I completed suicide on April 4.  I was in a state of cardiac and respiratory arrest for 45 minutes.  I have amnesia of the day of the incident through around the fourth day in recovery from being intubated and kept in the ICU on  a ventilator.  My body temperature was 94 for over 12 hours, despite the technology they used to try to raise my temperature (i.e. bear blanket, warm saline drip).

I feel really different now.  Its quite odd for me.  I can't wrap my head around what happened and I cannot find a local support group for this type of thing.  I would love to start my own, but I am spread a bit thin these days and I dont think I should put myself in a position for others to rely on me, when I can barely manage all my current responsibilities.

I feel a lot calmer.  My Anxiety and insomnia went away for the first few days, but now I am scared to sleep because I am scared that since my heart stopped once, it may do it again.  Parts of me know this is illogical, the rest of me begs to differ.  I do have an appointment with my PCP tomorrow, and my Psychiatrist in around 12 days.  I am doing everything I can to figure things out and get what I need, but I guess what I really want to know is there anyone out there who has died and come back?


----------



## David Baxter PhD (Apr 14, 2011)

Atlantean said:


> I do have an appointment with my PCP tomorrow, and my Psychiatrist in around 12 days.


 
What is a "PCP"?


----------



## Atlantean (Apr 15, 2011)

Sorry Dr.

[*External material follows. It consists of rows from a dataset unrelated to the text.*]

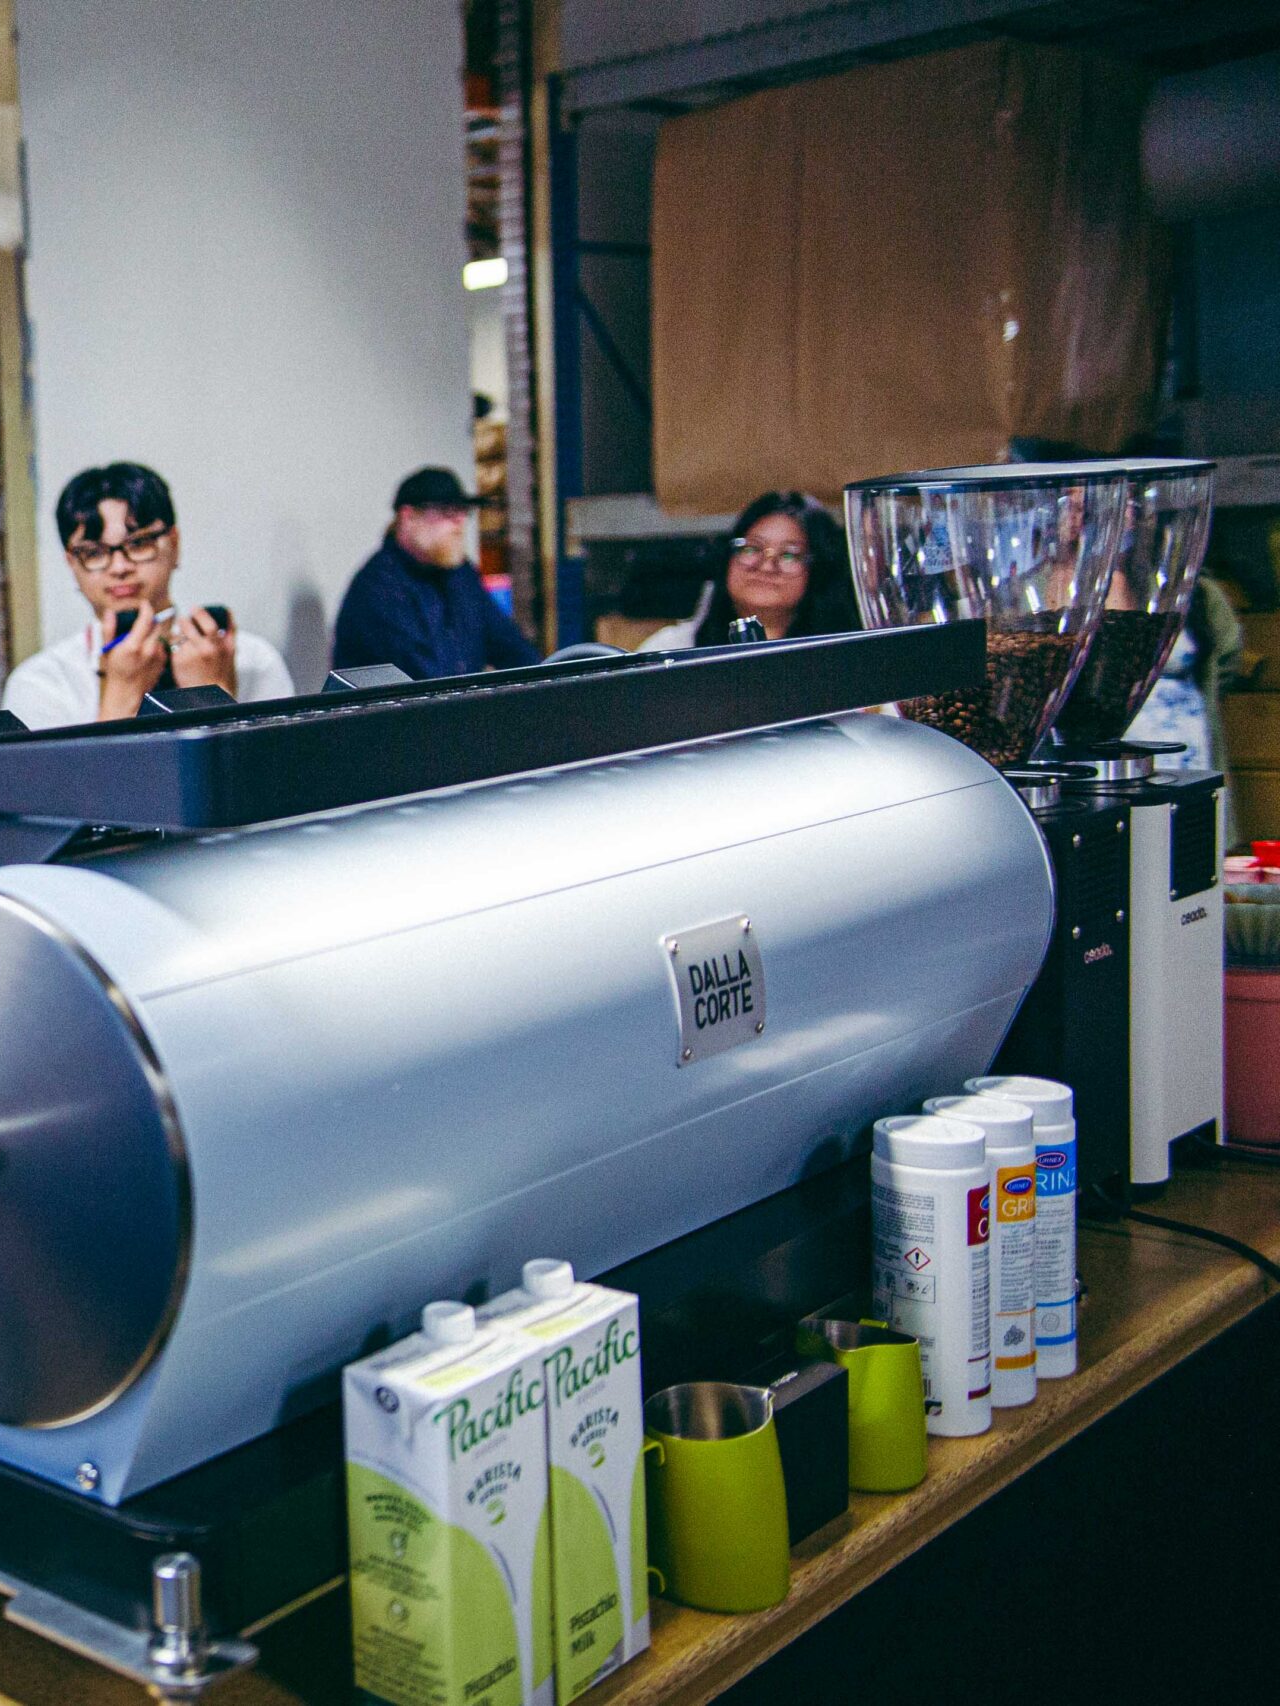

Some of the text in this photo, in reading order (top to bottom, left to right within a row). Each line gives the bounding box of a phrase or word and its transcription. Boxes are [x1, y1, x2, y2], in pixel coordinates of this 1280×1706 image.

[688, 949, 751, 996] DALLA
[694, 981, 754, 1030] CORTE
[544, 1318, 641, 1408] Pacific
[433, 1368, 547, 1464] Pacific
[571, 1631, 596, 1657] Milk

Baxter, et al.  PCP= Primary Care Provider.  My normal general practiioner physician.

  Also, my heart is fine and he is more concerned with the psychiatric/psychological factors regarding my death that any physical things that seem to be bugging me.  I also begin weekly therapy adjunct to my normal psychiatrist next week.

  I am feeling much better, overall.  I still feel very different but I am not on any medication right now except for my seizures, and I am not really having any adverse effects.  I am trying to not get to carried away with any one particular thing so that I can keep everything balanced.

  Thank You!.

-Starr


----------



## Cat Dancer (Apr 15, 2011)

Is there any way you could see your Psychiatrist sooner?


----------



## Atlantean (Apr 15, 2011)

Hi, Cat Dancer.  Long time, no see.  Hope all is well.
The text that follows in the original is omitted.